🤖 AI Summary
This paper investigates whether privacy-preserving data synthesis (PPDS) can safely replace real data for training classifiers, focusing on the fundamental utility–privacy trade-off. To this end, we propose the first end-to-end evaluation framework—encompassing generation, sampling, and classification—that systematically benchmarks state-of-the-art generative models (e.g., GANs and diffusion models) and uniformly quantifies privacy risk via model-agnostic membership inference attacks (MIAs) across diverse benchmark scenarios. Our key contributions are threefold: (1) We empirically uncover intrinsic utility–privacy trade-off patterns across generative architectures; (2) We rigorously assess the efficacy limits of common privacy-mitigation strategies (e.g., differential privacy and output perturbation); and (3) We deliver actionable, scenario-specific guidelines for data publishers—identifying which synthetic data configurations enable safe, utility-preserving substitution of real training data under defined privacy constraints.
📝 Abstract
Advances in generative models have transformed the field of synthetic image generation for privacy-preserving data synthesis (PPDS). However, the field lacks a comprehensive survey and comparison of synthetic image generation methods across diverse settings. In particular, when we generate synthetic images for the purpose of training a classifier, there is a pipeline of generation-sampling-classification which takes private training as input and outputs the final classifier of interest. In this survey, we systematically categorize existing image synthesis methods, privacy attacks, and mitigations along this generation-sampling-classification pipeline. To empirically compare diverse synthesis approaches, we provide a benchmark with representative generative methods and use model-agnostic membership inference attacks (MIAs) as a measure of privacy risk.

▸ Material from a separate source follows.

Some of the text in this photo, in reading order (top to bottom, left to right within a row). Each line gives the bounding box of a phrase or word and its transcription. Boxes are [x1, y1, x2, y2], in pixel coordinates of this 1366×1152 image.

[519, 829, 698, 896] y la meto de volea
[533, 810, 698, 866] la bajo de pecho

Through this study, we seek to answer critical questions in PPDS: Can synthetic data effectively replace real data? Which release strategy balances utility and privacy? Do mitigations improve the utility-privacy tradeoff? Which generative models perform best across different scenarios? With a systematic evaluation of diverse methods, our study provides actionable insights into the utility-privacy tradeoffs of synthetic data generation methods and guides the decision on optimal data releasing strategies for real-world applications.